Greg,

I believe that the cultural root cause of the excessive LIO problem is
the conception that physical I/O is what makes databases slow. Disk I/O
certainly *can* make a system slow, but in about 598 of 600 cases we've
seen in the past three years, it hasn't. ["Why you should focus on LIOs
instead of PIOs" at www.hotsos.com/catalog] 

The fixation on PIO of course focuses people's attention on the database
buffer cache hit ratio (BCHR) metric for evaluating efficiency. The
problem is that the BCHR is a metric of INSTANCE efficiency, not SQL
efficiency. However, many people mistakenly apply it as a metric of SQL
efficiency anyway.

Of course, if one's radar equates SQL efficiency with the BCHR's
proximity to 100%, then a lot of really bad SQL is going to show up on
your radar wrongly identified as really good SQL. ["Why a 99% buffer
cache hit ratio is not okay" at www.hotsos.com/catalog]

One "classic" result is that people go on search and destroy missions
for all full-table scans. They end up producing more execution plans
that look like this than they should have:

  NESTED LOOPS
    TABLE ACCESS BY INDEX ROWID
      INDEX RANGE SCAN
    TABLE ACCESS BY INDEX ROWID
      INDEX RANGE SCAN

This kind of plan produces great hit ratios because it tends to revisit
the same small set of blocks over and over again. This kind of plan is
of course appropriate in many cases. But sometimes it is actually less
work in the database to use full-table scans. ["When to use an index" at
www.hotsos.com/catalog.]


Cary Millsap
Hotsos Enterprises, Ltd.
http://www.hotsos.com

Upcoming events:
- Hotsos Clinic, Dec 9-11 Honolulu
- 2003 Hotsos Symposium on OracleR System Performance, Feb 9-12 Dallas
- Jonathan Lewis' Optimising Oracle, Nov 19-21 Dallas


-----Original Message-----
Sent: Friday, November 15, 2002 4:39 PM
To: Multiple recipients of list ORACLE-L

A while back someone mentioned that the two main causes of slow SQL are
excesive LIO's and excesscive database calls, which show up as excessive
CPU
use and excessive network traffic, respectively.

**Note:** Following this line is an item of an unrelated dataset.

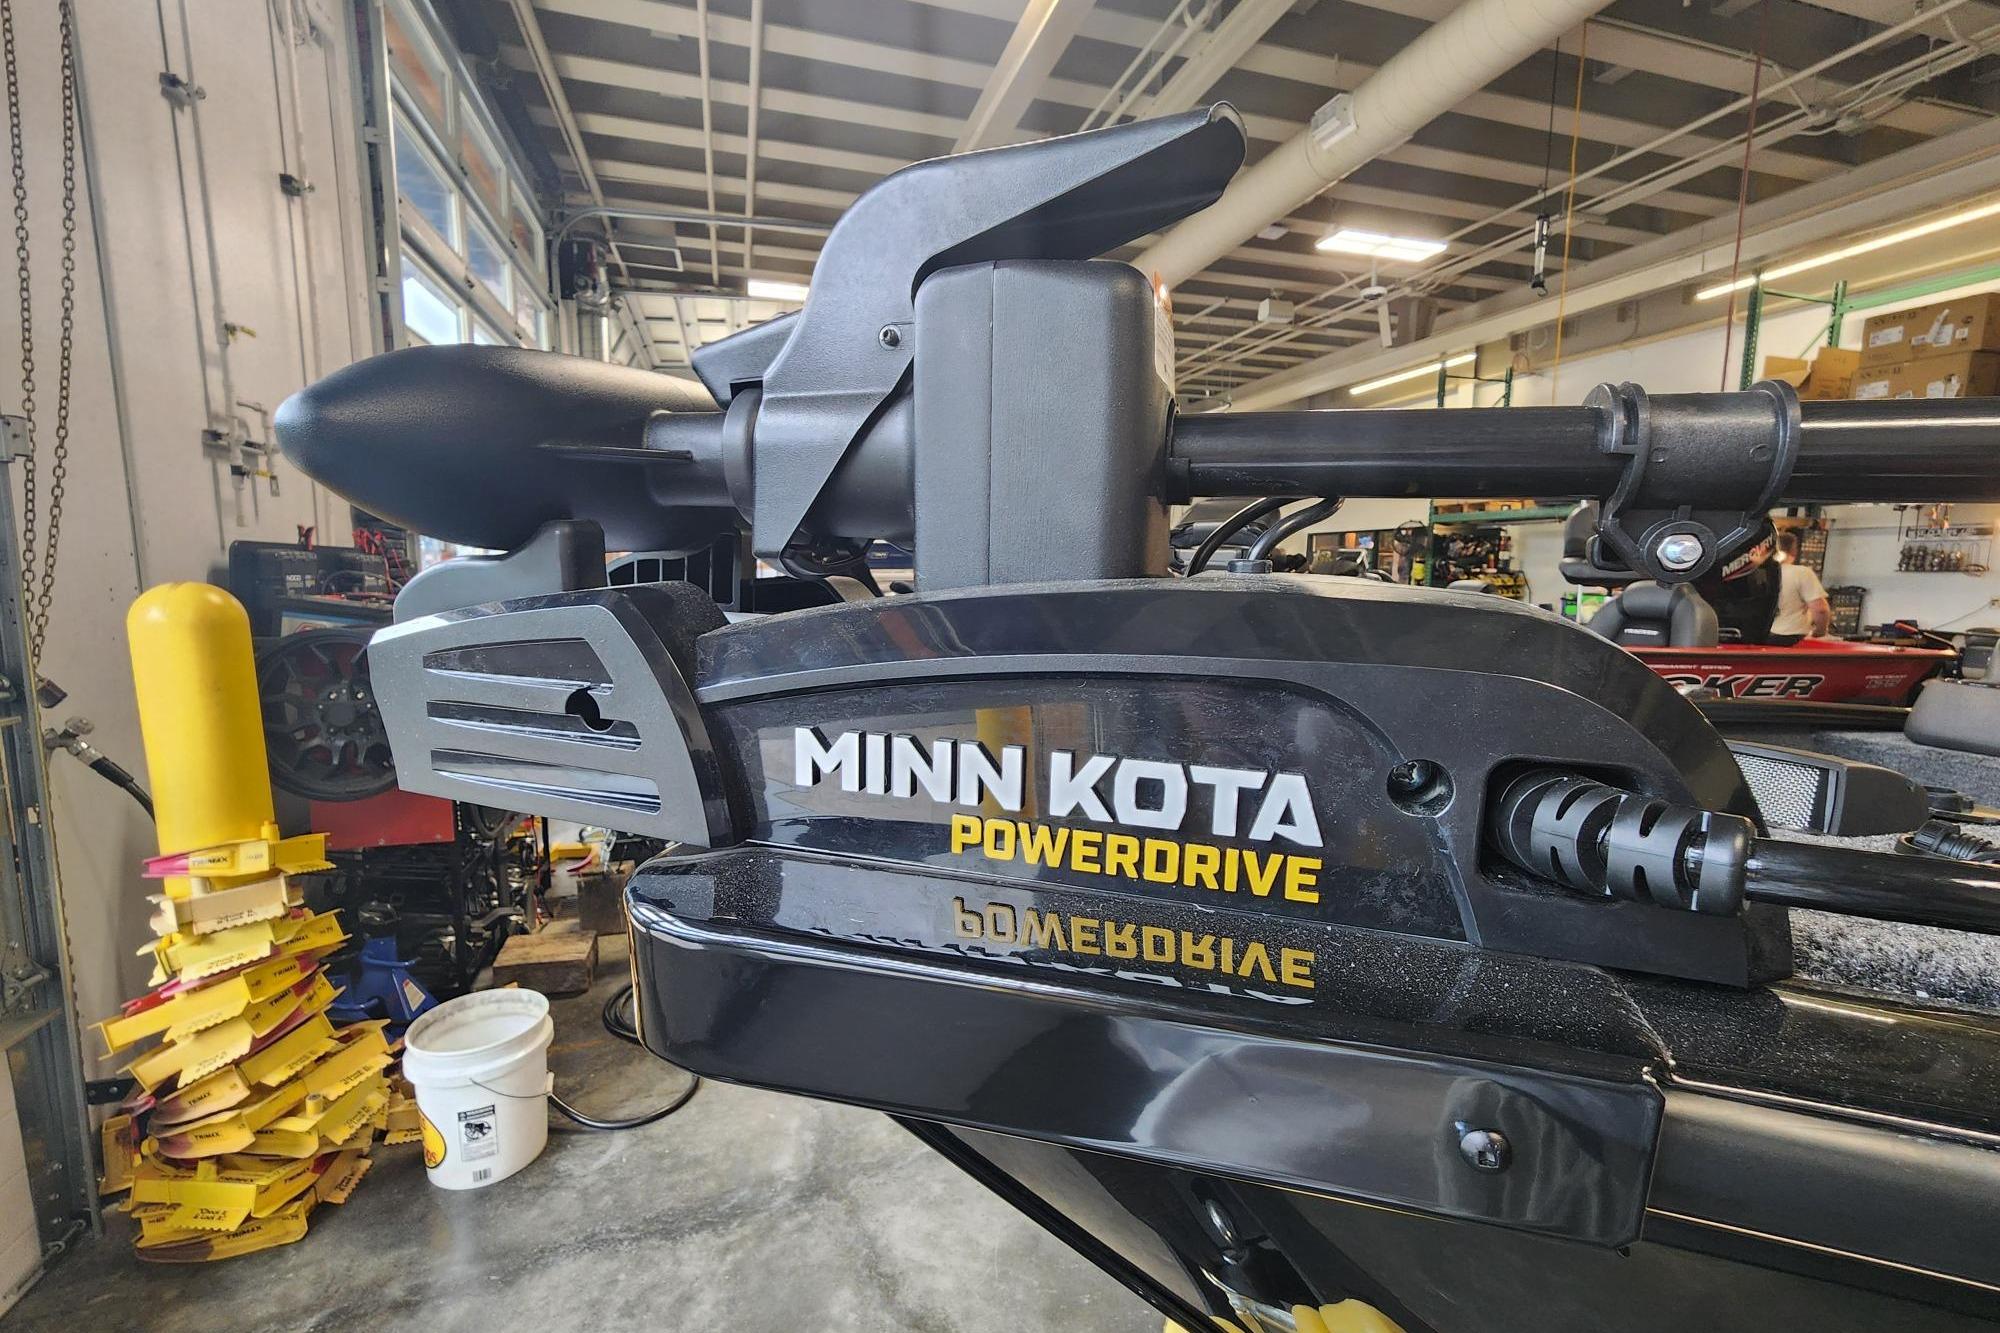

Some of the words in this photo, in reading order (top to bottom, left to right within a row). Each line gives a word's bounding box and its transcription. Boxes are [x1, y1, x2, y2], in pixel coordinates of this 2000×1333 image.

[794, 725, 1028, 813] MINN
[1049, 751, 1325, 848] KOTA
[951, 813, 1324, 904] POWERDRIVE
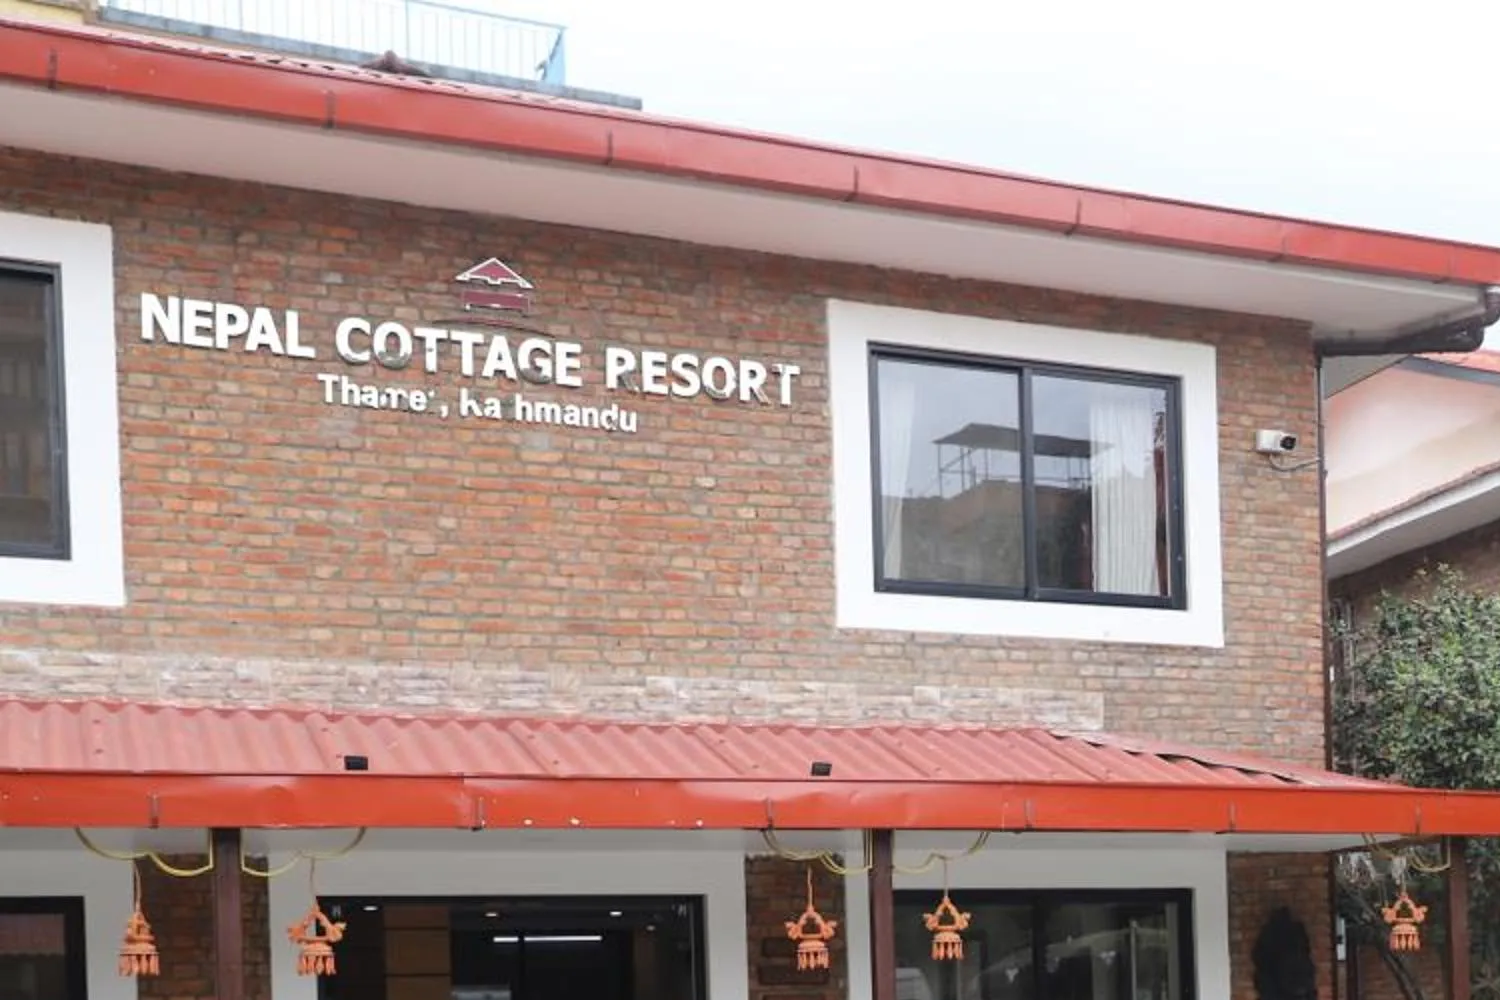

Regarding the database calls, is there a "classic" reason for this
problem?

My best guess is it's caused by an SQL statement in a PL/SQL loop, which
could be rewritten as a single SQL statement.  But is this the single,
commonly seen cause for this problem, or are there other common ways
this
inefficiency is introduced?

Thanks in advance for help in understanding this.